Das hohe Kreditvolumen im kommenden Jahr hängt nicht zuletzt mit dem „Doppelwumms“ zusammen. So bezeichnete Kanzler Olaf Scholz (SPD) die Kreditaufnahme für den Wirtschaftsstabilisierungsfonds (WSF), aus dem die verschiedenen Energiepreisbremsen und andere Stützungsmaßnahmen vor allem für die Industrie finanziert werden sollen.

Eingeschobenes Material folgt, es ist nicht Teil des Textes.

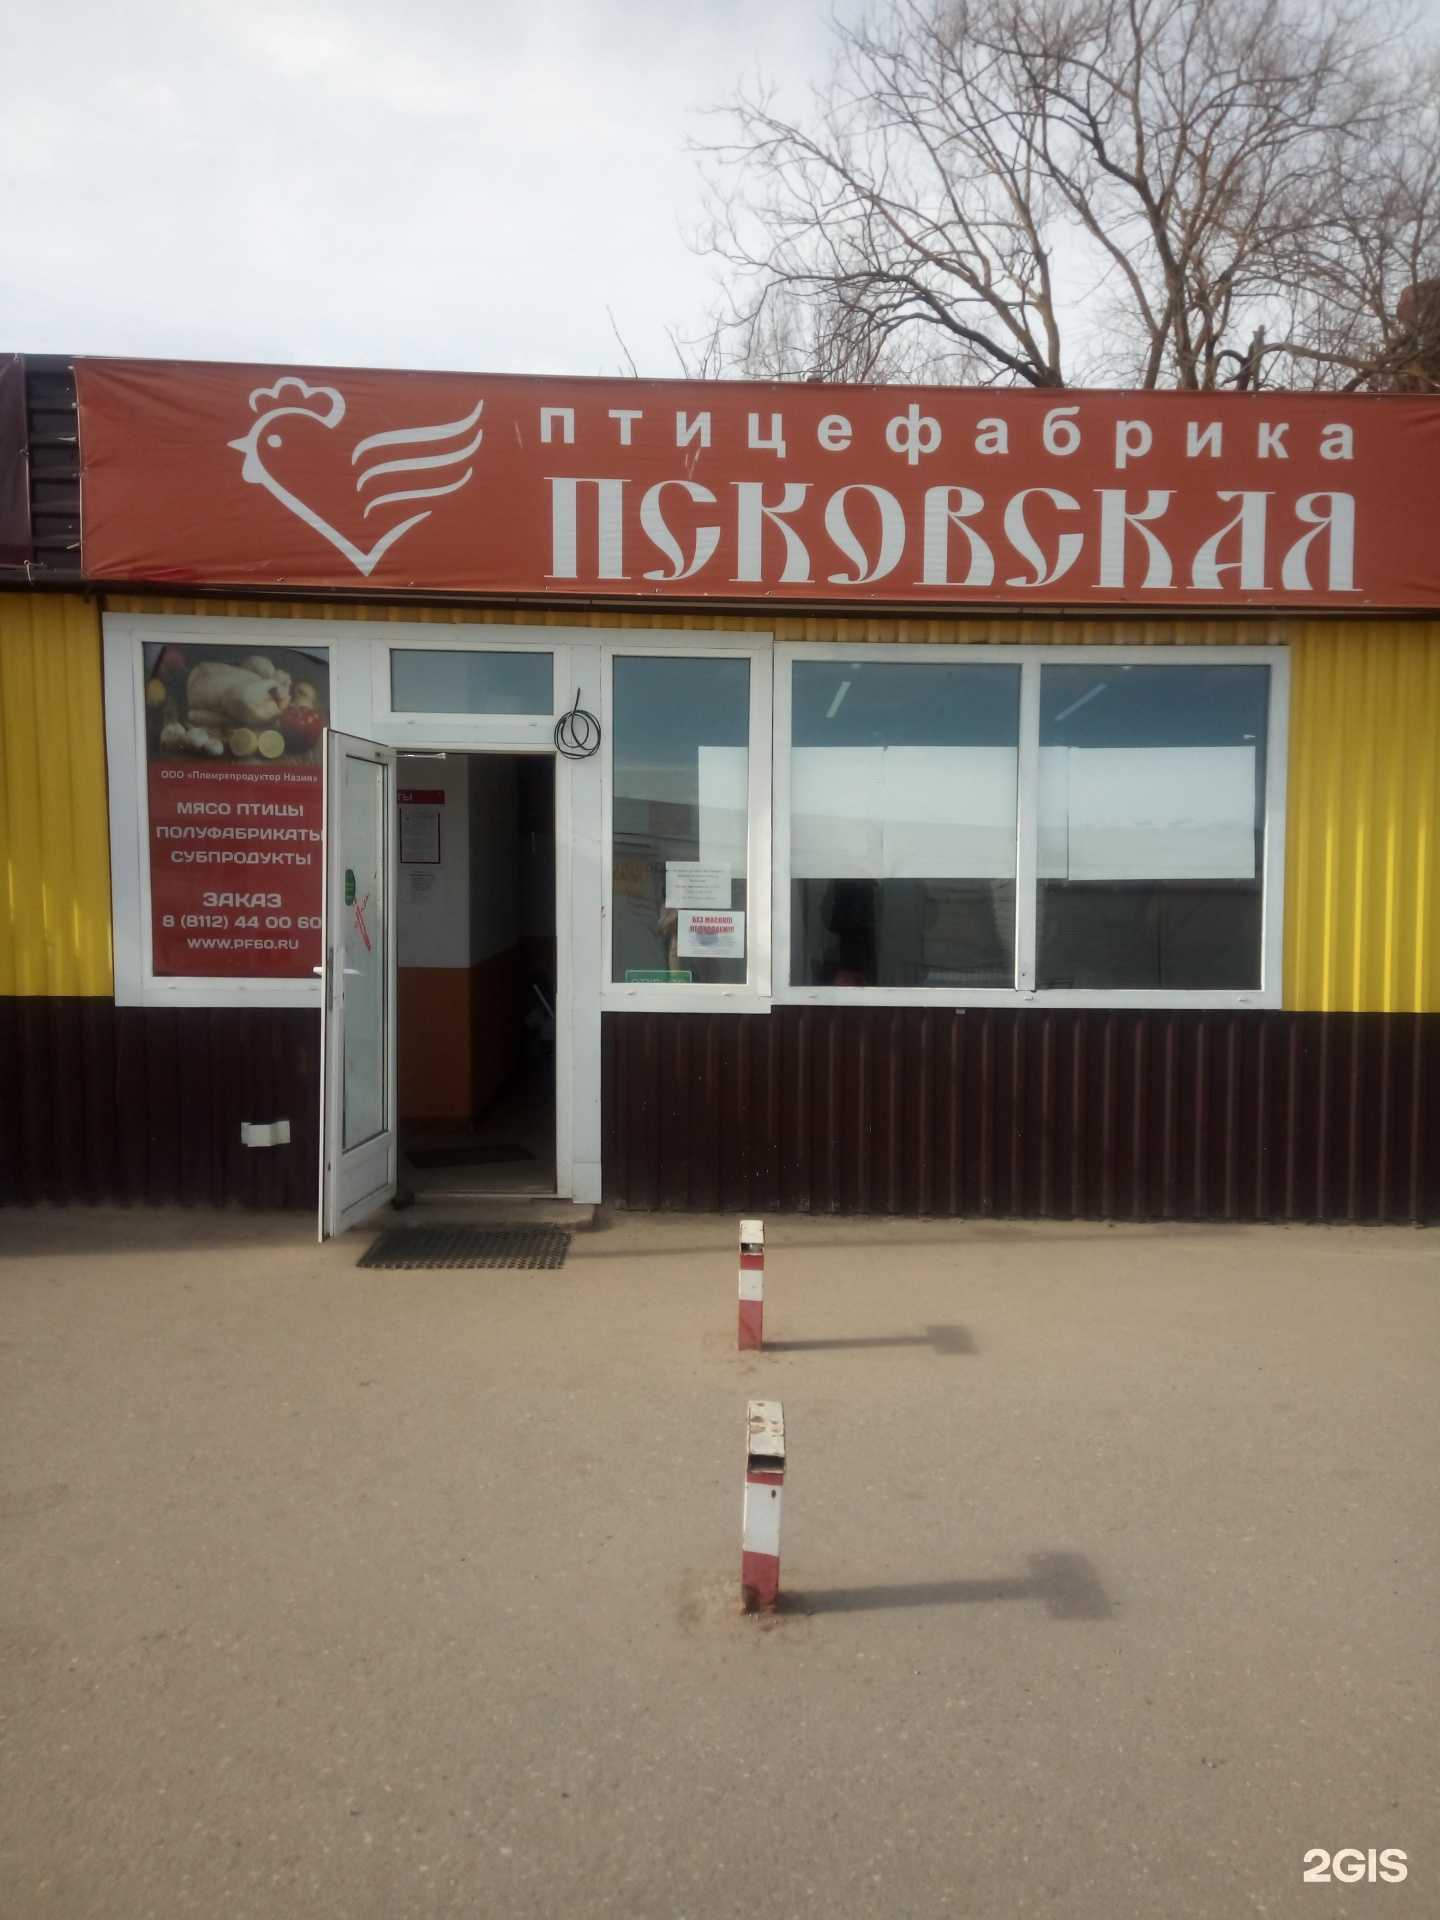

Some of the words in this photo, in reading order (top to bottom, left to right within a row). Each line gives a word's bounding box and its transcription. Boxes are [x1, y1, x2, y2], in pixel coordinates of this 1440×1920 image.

[539, 403, 1355, 469] птицефабрика
[543, 476, 1364, 592] ПСКОВСКАЯ
[160, 770, 185, 780] ООО
[176, 802, 231, 816] МЯСО
[236, 803, 304, 817] ПТИЦЫ
[156, 826, 324, 842] ПОЛУФАБРИКАТЫ
[170, 850, 312, 865] СУБПРОДУКТЫ
[202, 892, 283, 908] ЗАКАЗ
[162, 914, 175, 928] 8
[180, 914, 229, 930] (8112)
[234, 916, 260, 929] 44
[265, 916, 292, 929] 00
[297, 916, 322, 929] 60
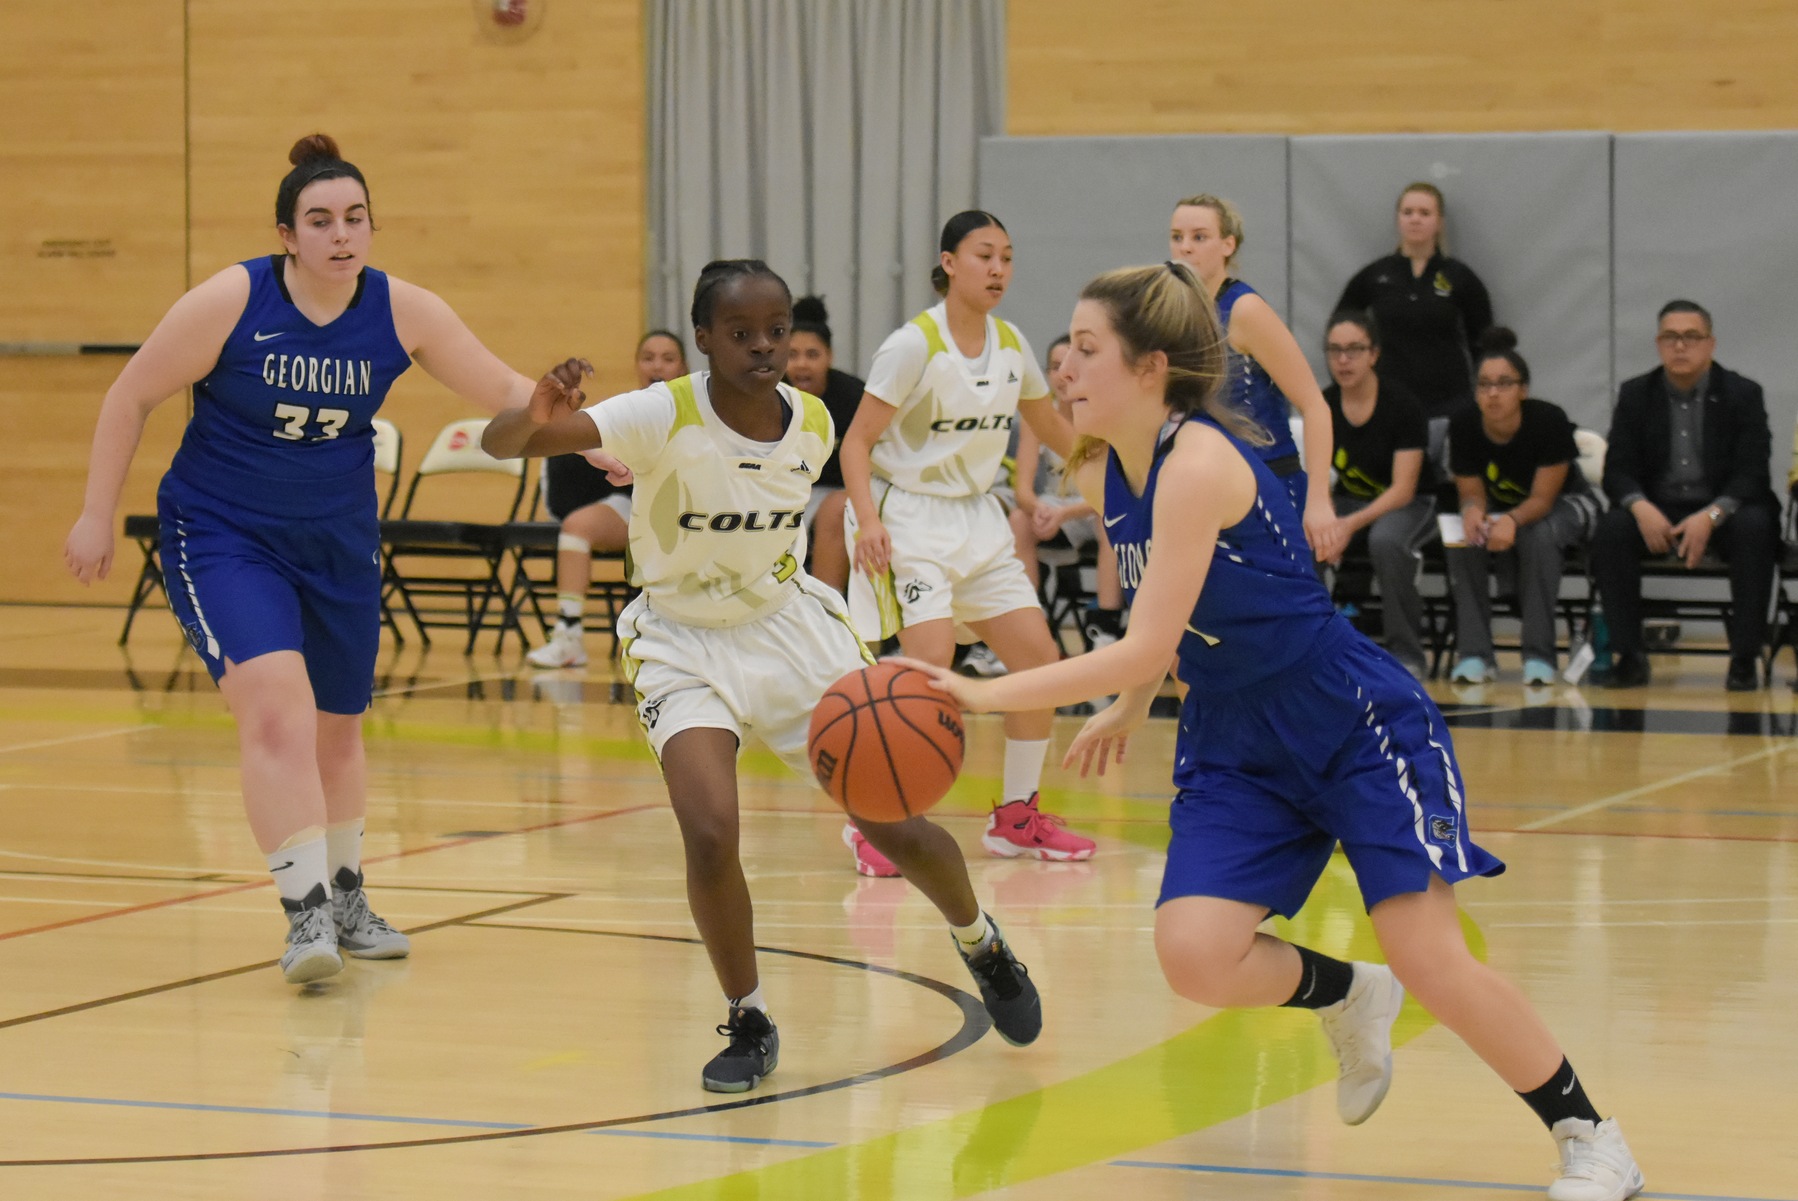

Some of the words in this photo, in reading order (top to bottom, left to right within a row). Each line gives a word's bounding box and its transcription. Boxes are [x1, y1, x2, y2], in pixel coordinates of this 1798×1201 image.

Insgesamt sind dafür 200 Milliarden Euro eingeplant, die in den Jahren 2023 und 2024 schrittweise ausgegeben werden sollen. In der Koalition wird damit gerechnet, dass der größte Teil der Summe am Ende auch gebraucht wird.

Druck der FDP

Allerdings hat die Ampel-Regierung vor allem auf Druck der FDP beschlossen, im kommenden Jahr auch die Schuldenbremse wieder einzuhalten. Damit ist die Aufnahme von Krediten in Höhe von 200 Milliarden Euro für den WSF nicht vereinbar. Stattdessen beschloss die Koalition, die Kreditaufnahme formal auf das Jahr 2022 vorzuziehen.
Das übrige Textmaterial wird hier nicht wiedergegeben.